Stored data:
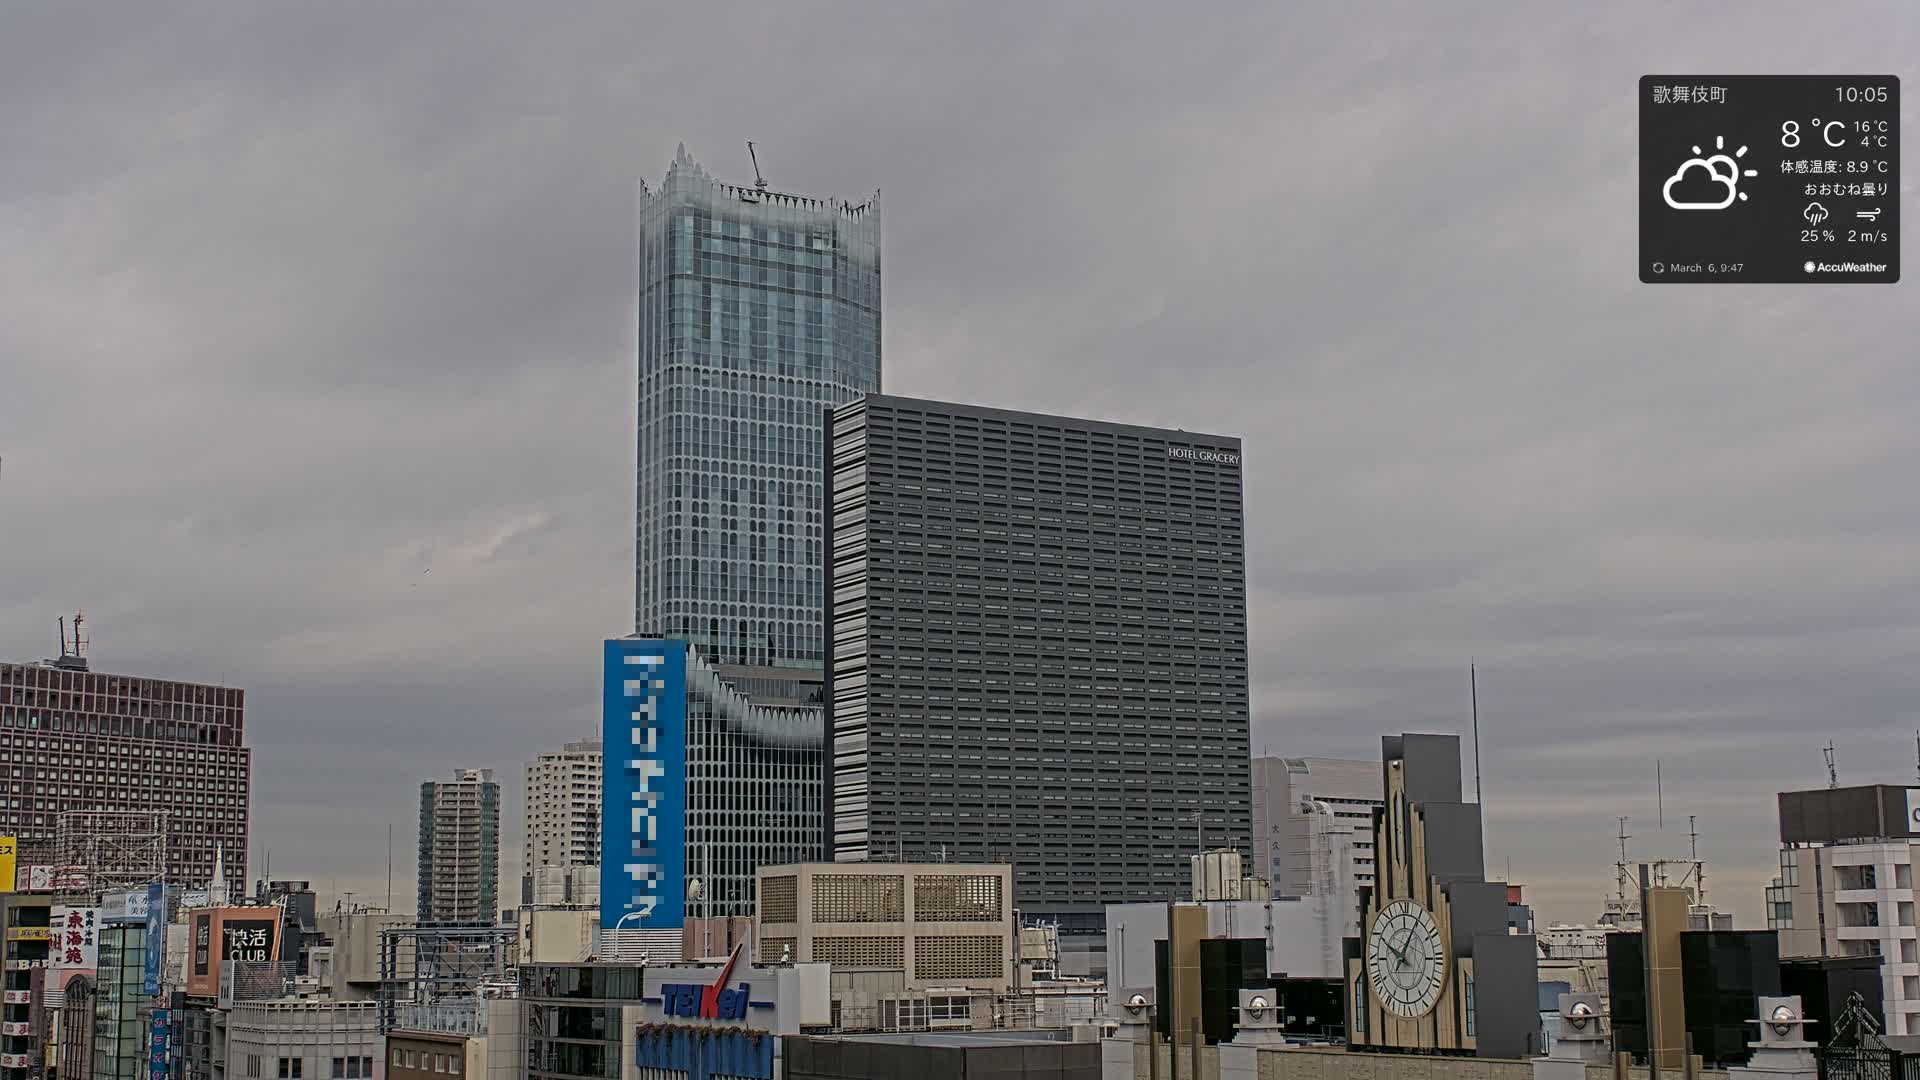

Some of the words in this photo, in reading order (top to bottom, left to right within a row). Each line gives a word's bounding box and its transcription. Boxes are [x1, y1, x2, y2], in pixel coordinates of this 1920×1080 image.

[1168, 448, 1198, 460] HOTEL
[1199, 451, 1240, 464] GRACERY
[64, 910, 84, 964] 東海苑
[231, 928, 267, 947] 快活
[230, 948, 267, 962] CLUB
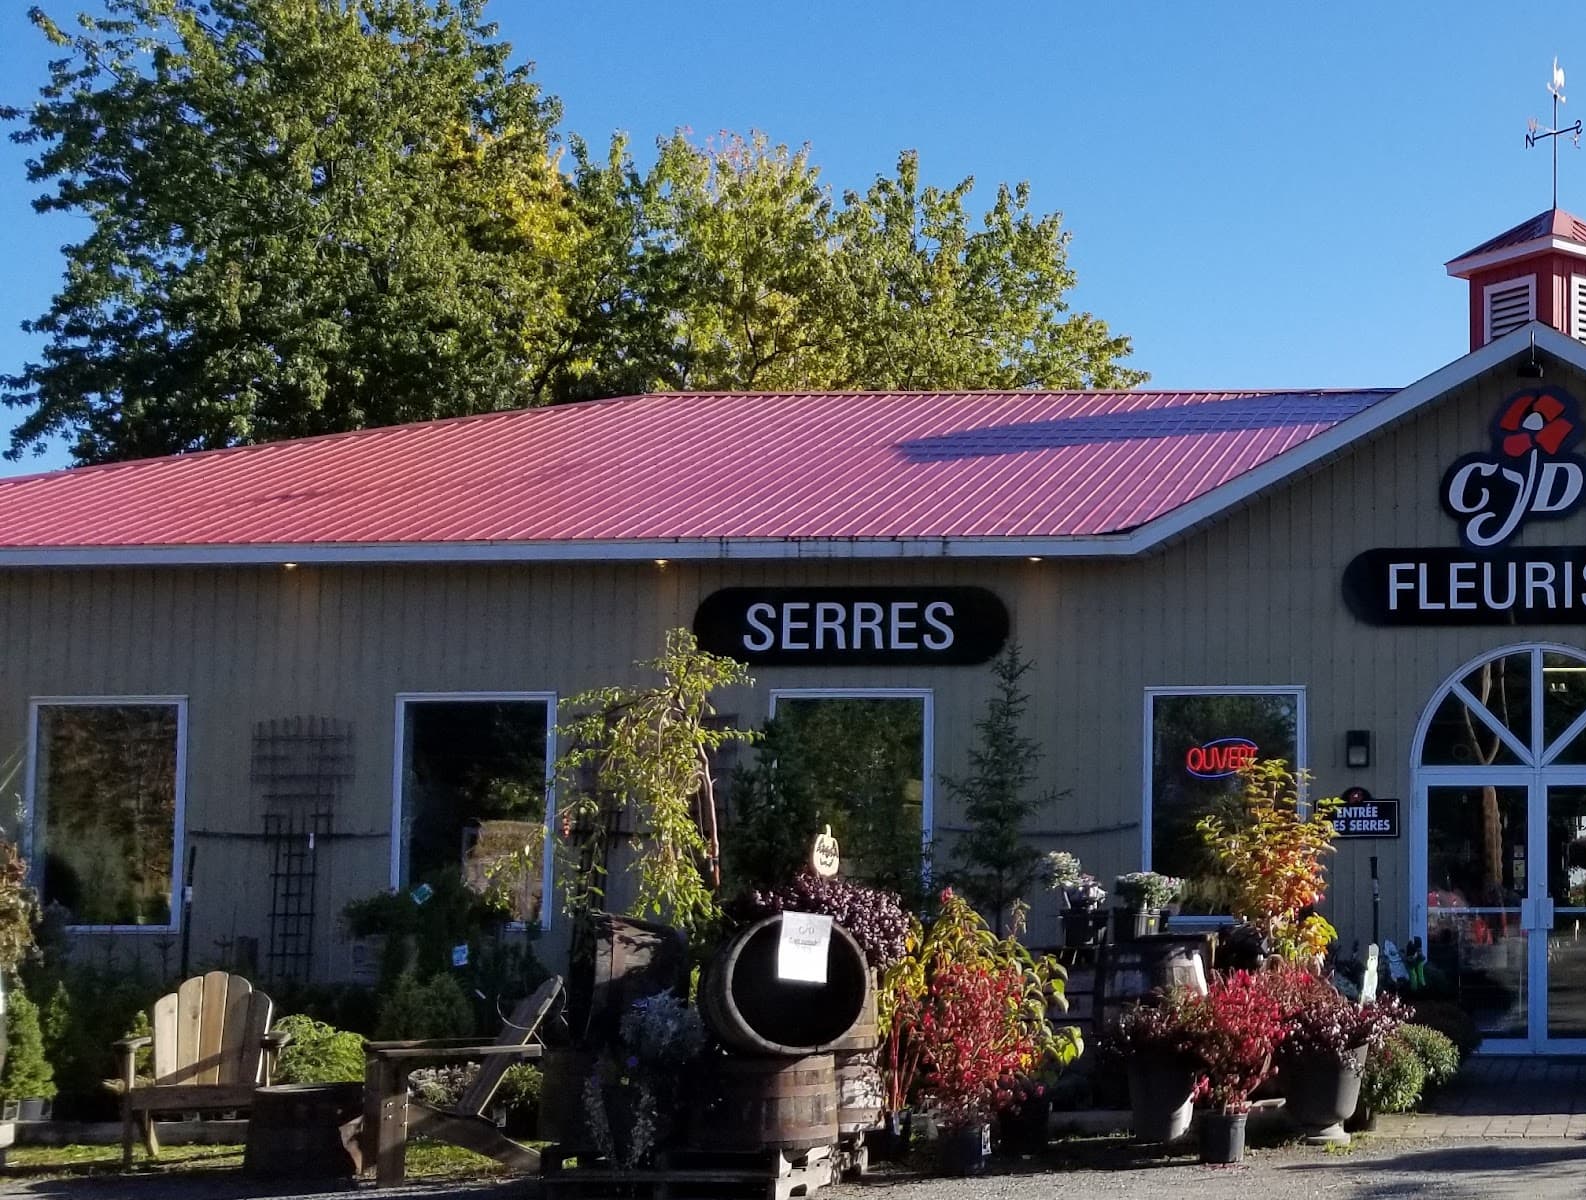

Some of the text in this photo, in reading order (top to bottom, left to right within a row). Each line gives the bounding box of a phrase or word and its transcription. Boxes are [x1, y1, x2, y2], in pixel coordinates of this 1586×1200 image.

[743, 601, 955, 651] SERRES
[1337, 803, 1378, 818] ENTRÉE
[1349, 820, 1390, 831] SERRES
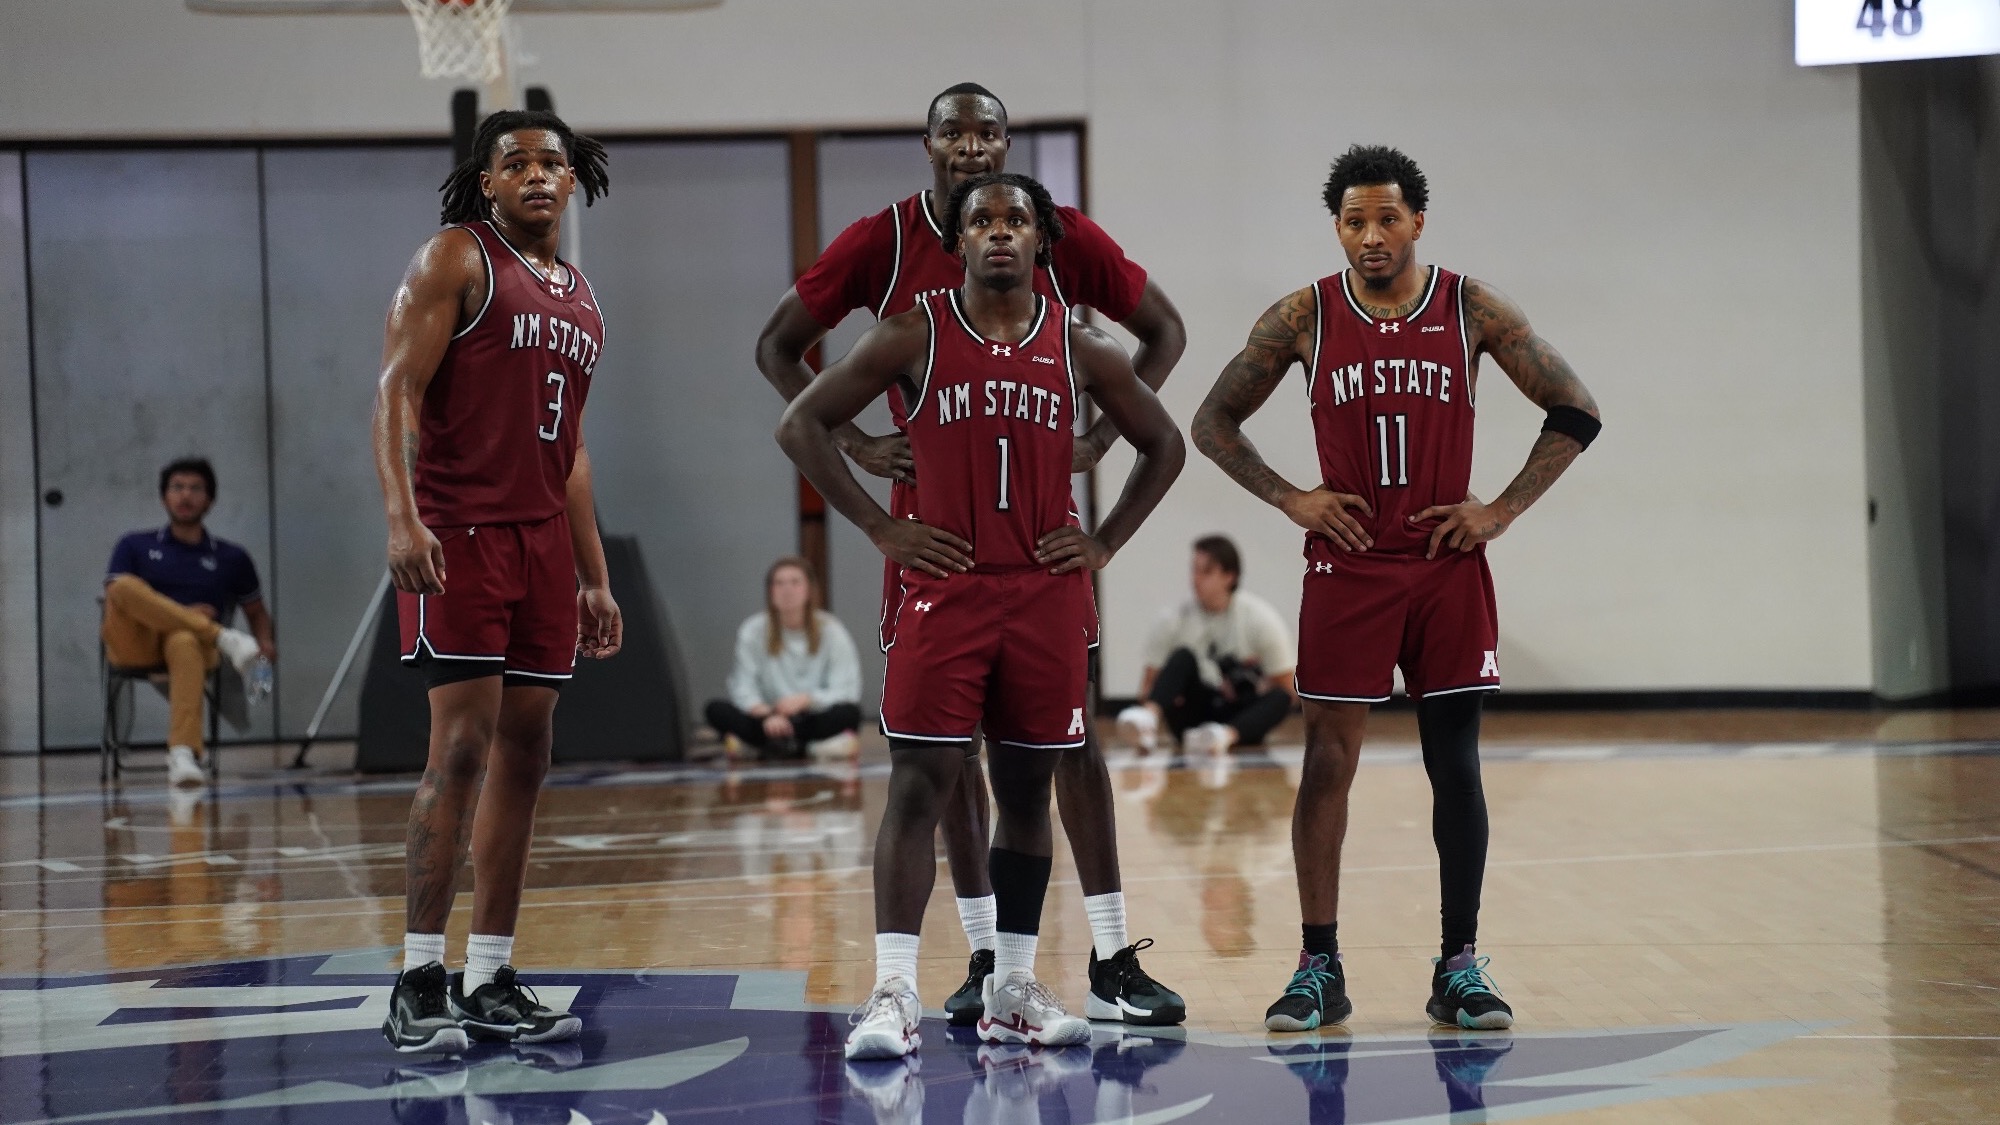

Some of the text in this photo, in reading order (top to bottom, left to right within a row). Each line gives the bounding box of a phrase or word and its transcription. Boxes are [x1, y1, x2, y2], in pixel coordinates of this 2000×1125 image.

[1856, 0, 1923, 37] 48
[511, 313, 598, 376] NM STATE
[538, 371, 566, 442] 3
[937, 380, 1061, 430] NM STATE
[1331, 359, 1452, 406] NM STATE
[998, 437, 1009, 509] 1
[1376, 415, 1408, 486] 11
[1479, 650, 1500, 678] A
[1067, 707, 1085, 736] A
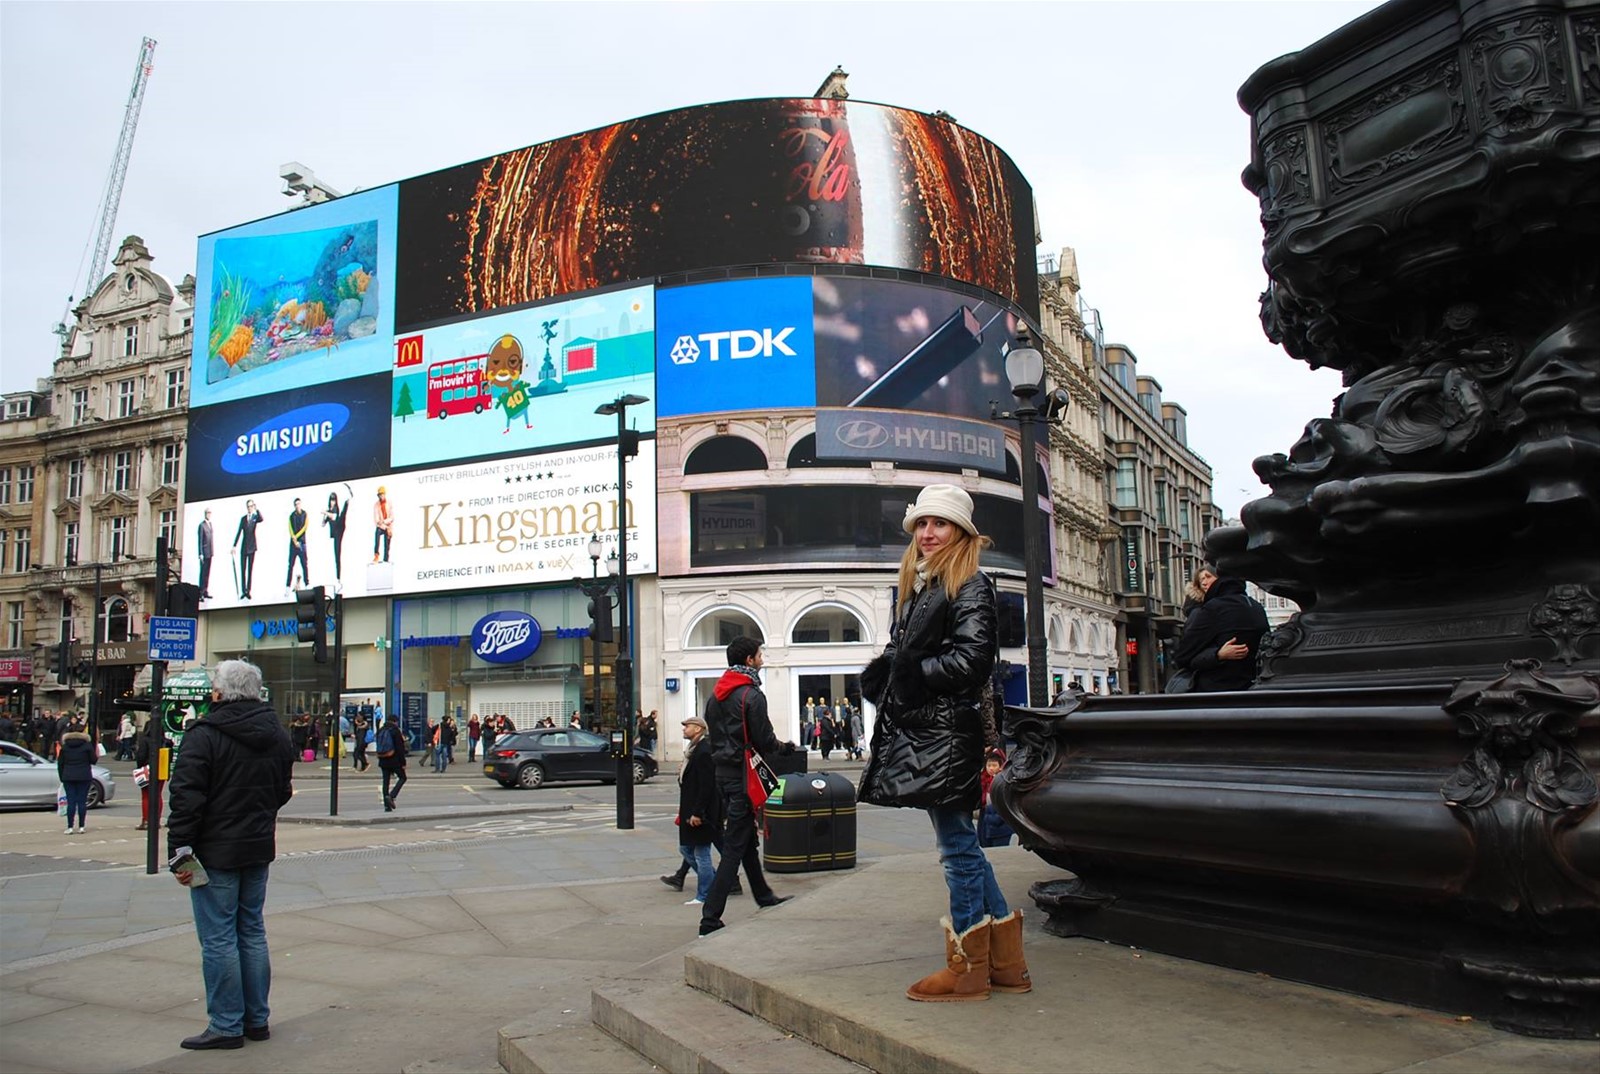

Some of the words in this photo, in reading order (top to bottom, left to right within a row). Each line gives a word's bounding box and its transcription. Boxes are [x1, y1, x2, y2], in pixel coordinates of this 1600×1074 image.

_Task statement_
Print all of the entries word for word. Skip any images they contain.

_Solution to this problem_
Some of the words in this photo, in reading order (top to bottom, left to right within a row). Each line gives a word's bounding box and its transcription. Boxes are [x1, y1, x2, y2], in pixel coordinates of this 1920×1080 image.

[1168, 448, 1198, 460] HOTEL
[1199, 451, 1240, 464] GRACERY
[64, 910, 84, 964] 東海苑
[231, 928, 267, 947] 快活
[230, 948, 267, 962] CLUB

Some of the text in this photo, in reading order (top to bottom, left to right within a row). Each line gives the bounding box of a phrase or word and its transcription. Boxes are [x1, y1, x2, y2], in pixel coordinates of this 1586×1200 image.

[743, 601, 955, 651] SERRES
[1337, 803, 1378, 818] ENTRÉE
[1349, 820, 1390, 831] SERRES

Some of the text in this photo, in reading order (top to bottom, left to right within a row). Each line gives the bounding box of a phrase or word and its transcription. Boxes are [x1, y1, x2, y2], in pixel coordinates of this 2000×1125 image.

[1856, 0, 1923, 37] 48
[511, 313, 598, 376] NM STATE
[538, 371, 566, 442] 3
[937, 380, 1061, 430] NM STATE
[1331, 359, 1452, 406] NM STATE
[998, 437, 1009, 509] 1
[1376, 415, 1408, 486] 11
[1479, 650, 1500, 678] A
[1067, 707, 1085, 736] A

Some of the words in this photo, in reading order (top to bottom, left to right within a row). Each line gives a word's bounding box and its transcription. Boxes are [x1, y1, x2, y2], in pixel coordinates of this 1600×1074 image.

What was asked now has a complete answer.